> Material provided:
——
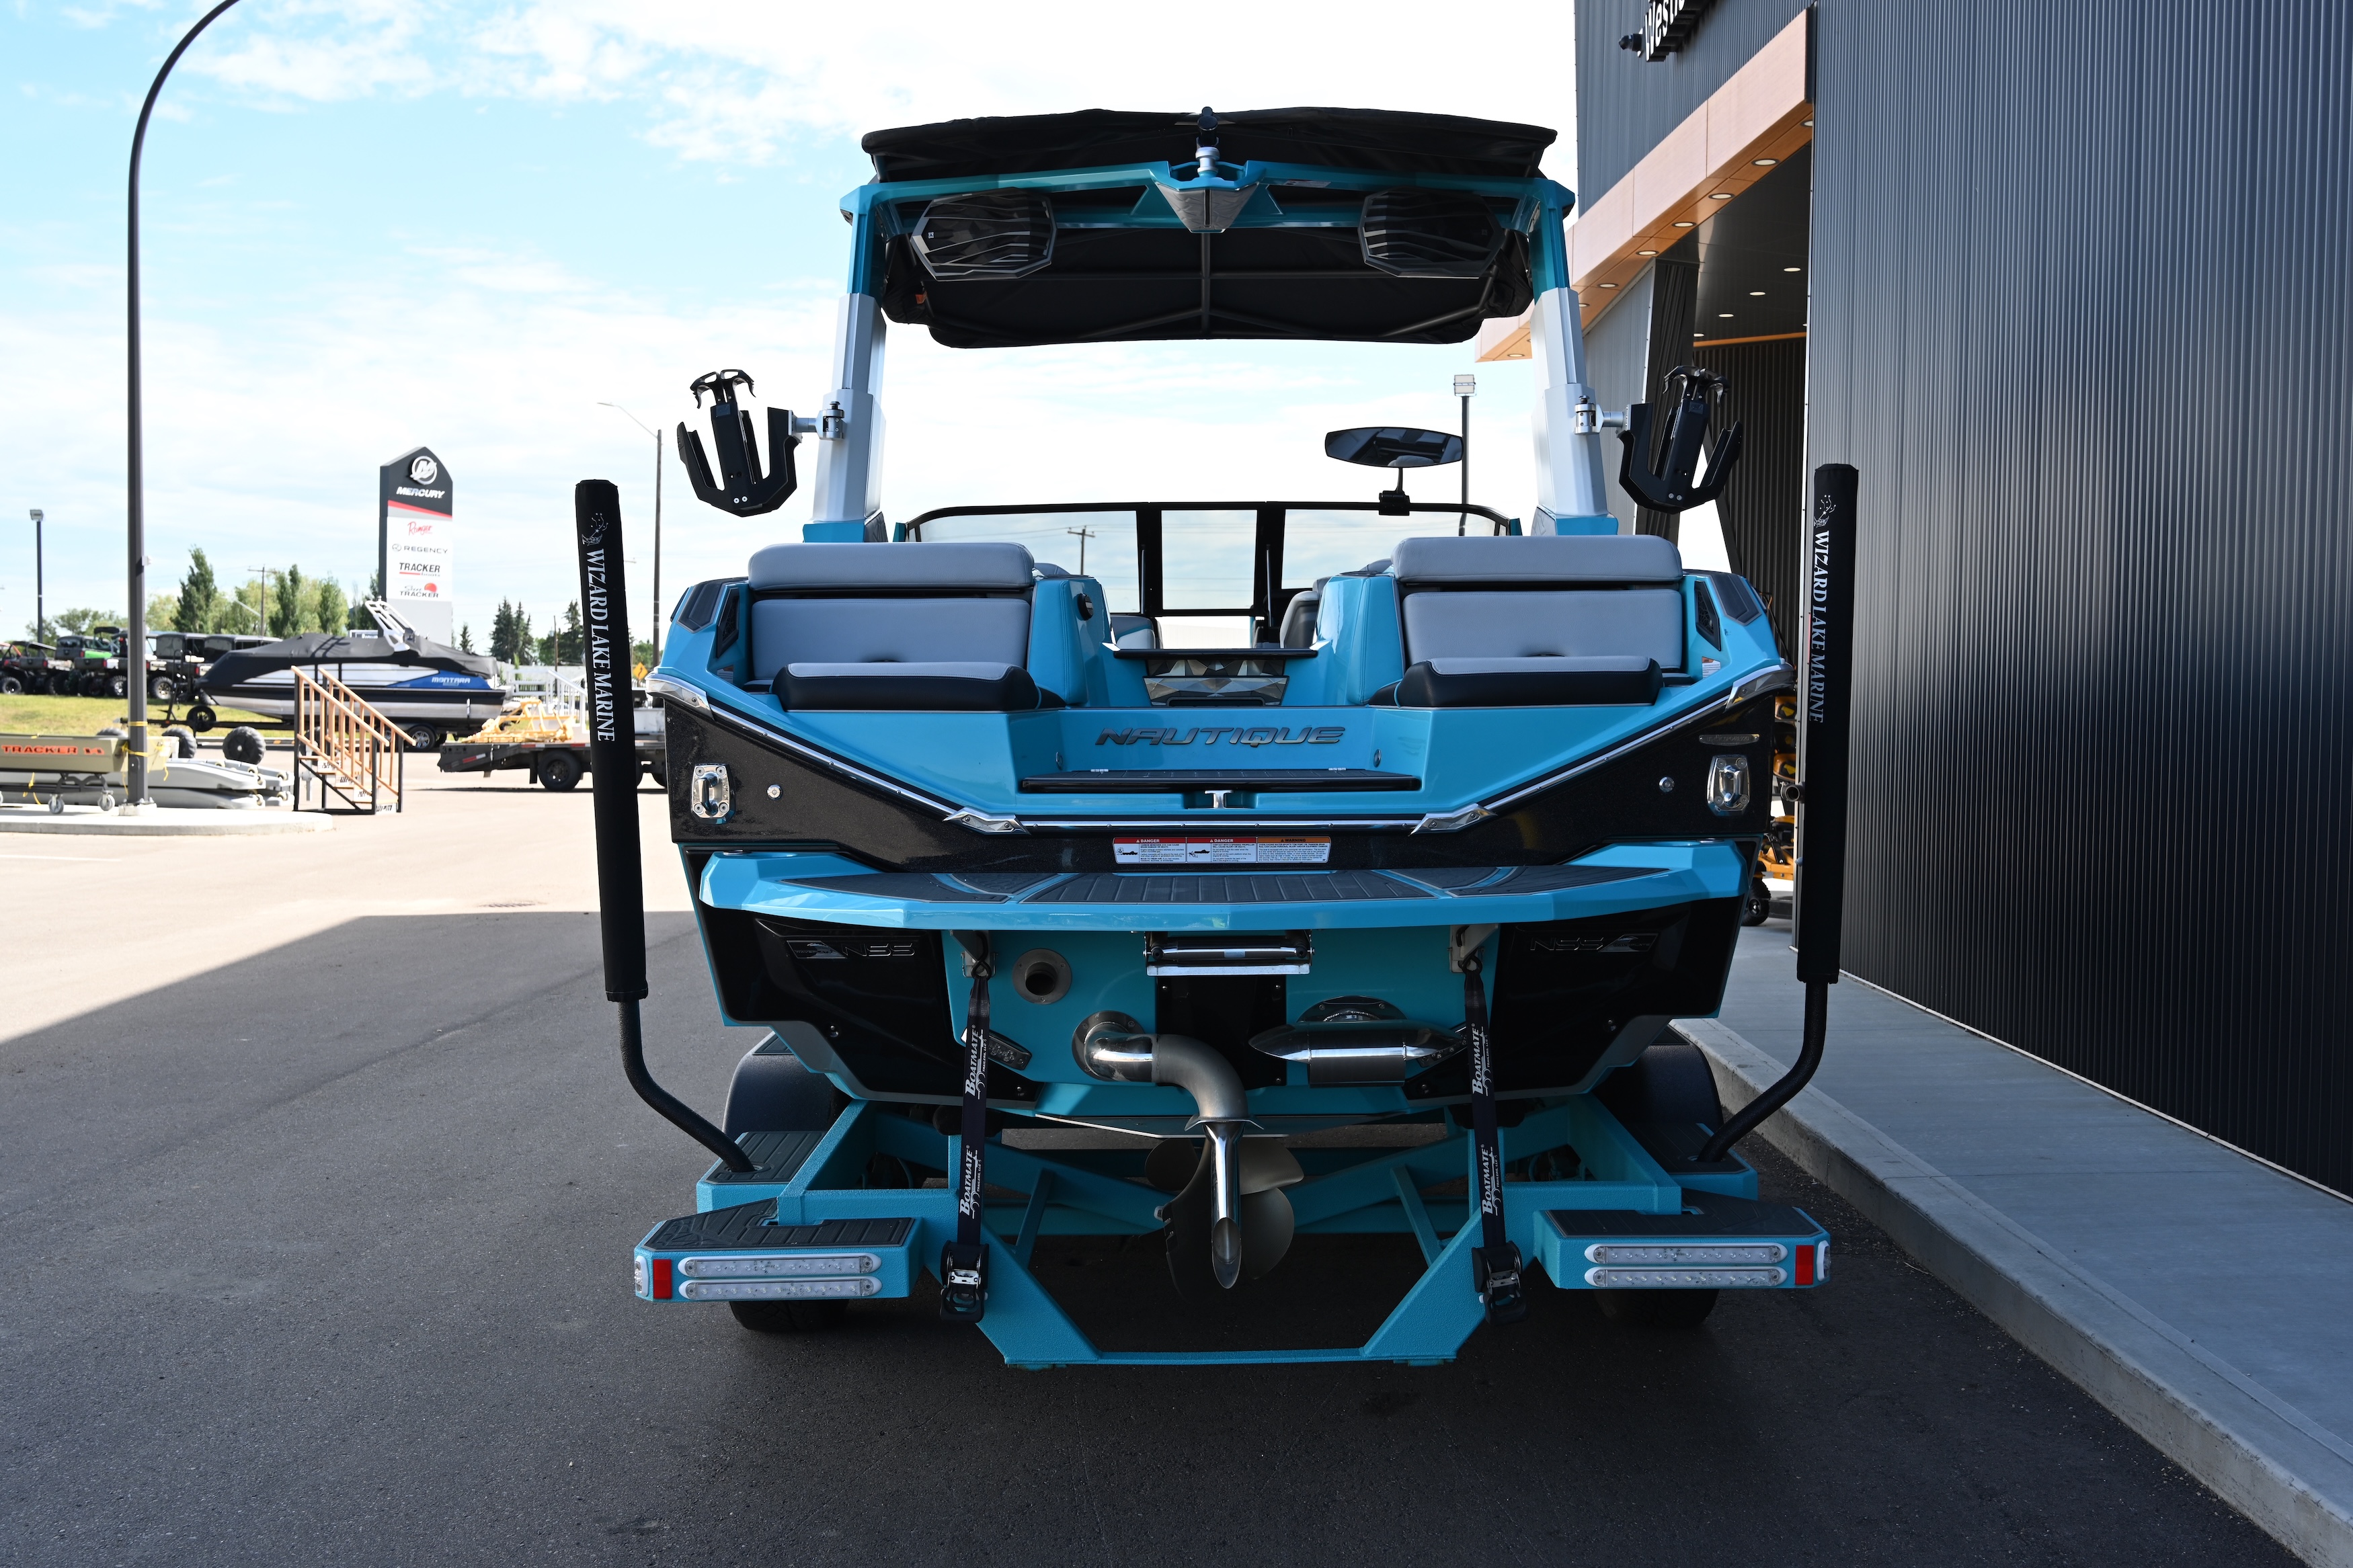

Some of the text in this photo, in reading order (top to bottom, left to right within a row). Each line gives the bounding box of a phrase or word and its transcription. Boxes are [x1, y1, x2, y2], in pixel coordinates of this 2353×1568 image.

[396, 487, 445, 499] MERCURY
[407, 522, 432, 536] Ranger
[404, 546, 448, 554] REGENCY
[399, 563, 440, 573] TRACKER
[1808, 530, 1829, 723] WIZARD LAKE MARINE
[586, 548, 615, 742] WIZARD LAKE MARINE
[1094, 726, 1345, 748] NAUTIQUE
[1, 745, 78, 754] TRACKER
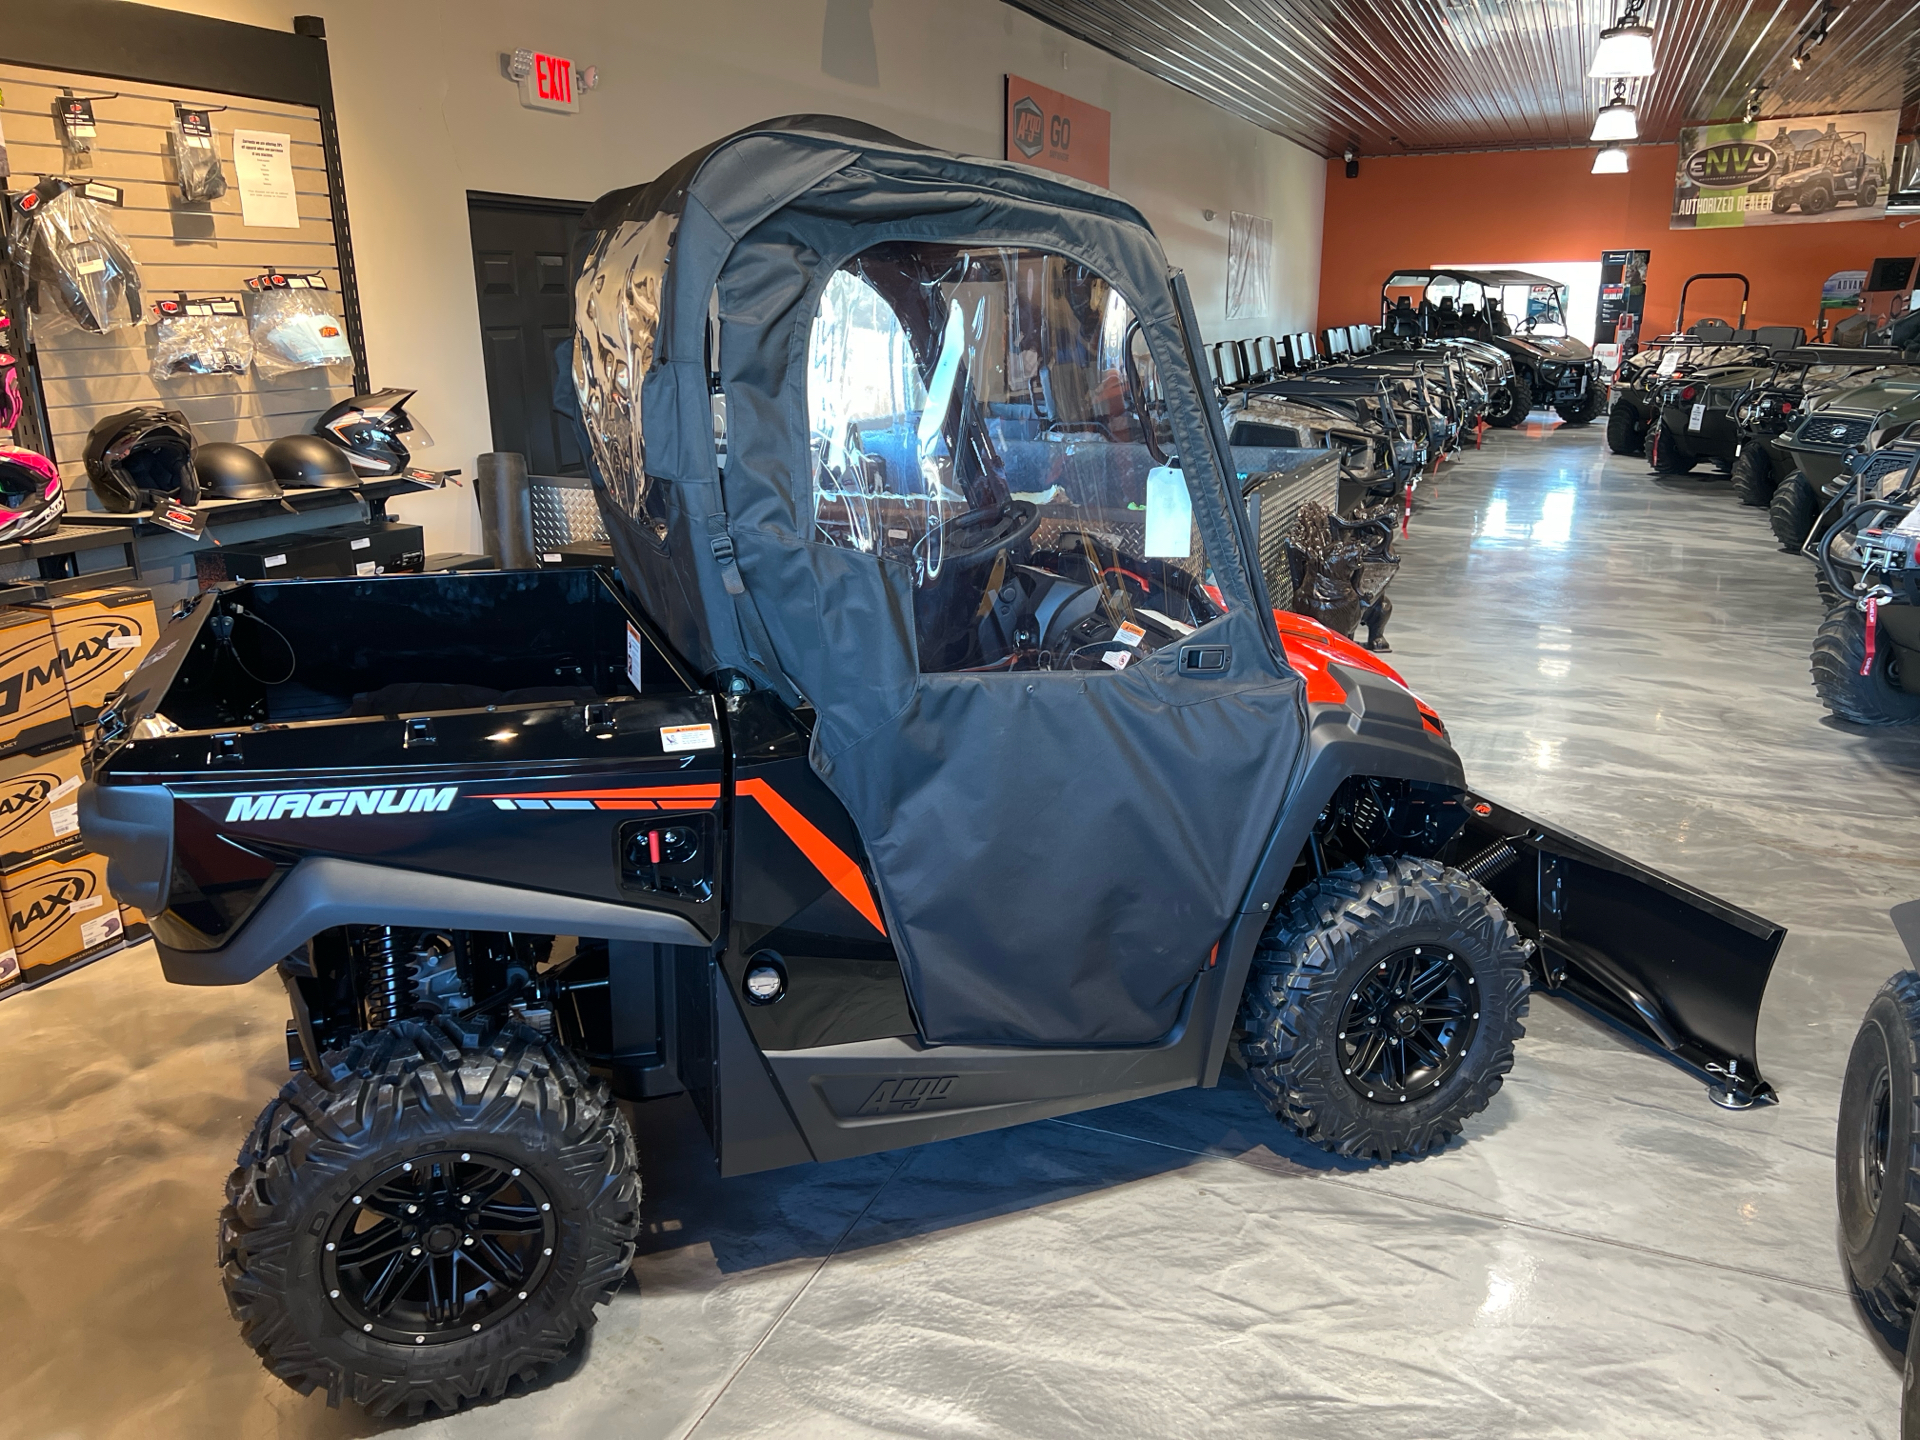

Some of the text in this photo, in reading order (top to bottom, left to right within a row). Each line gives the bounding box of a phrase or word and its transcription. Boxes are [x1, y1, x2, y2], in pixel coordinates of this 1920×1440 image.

[534, 53, 571, 104] EXIT
[1050, 114, 1071, 150] GO
[1678, 193, 1774, 216] AUTHORIZED DEALER
[225, 787, 458, 822] MAGNUM
——
> Work request:
All of the listing should be transcribed exactly, but none of its images.

> Solution:
Some of the text in this photo, in reading order (top to bottom, left to right within a row). Each line gives the bounding box of a phrase or word and its transcription. Boxes are [x1, y1, x2, y2], in pixel coordinates of this 2353×1568 image.

[396, 487, 445, 499] MERCURY
[407, 522, 432, 536] Ranger
[404, 546, 448, 554] REGENCY
[399, 563, 440, 573] TRACKER
[1808, 530, 1829, 723] WIZARD LAKE MARINE
[586, 548, 615, 742] WIZARD LAKE MARINE
[1094, 726, 1345, 748] NAUTIQUE
[1, 745, 78, 754] TRACKER

Some of the text in this photo, in reading order (top to bottom, left to right within a row). Each line gives the bounding box of a phrase or word and its transcription. Boxes are [x1, y1, x2, y2], in pixel coordinates of this 1920×1440 image.

[534, 53, 571, 104] EXIT
[1050, 114, 1071, 150] GO
[1678, 193, 1774, 216] AUTHORIZED DEALER
[225, 787, 458, 822] MAGNUM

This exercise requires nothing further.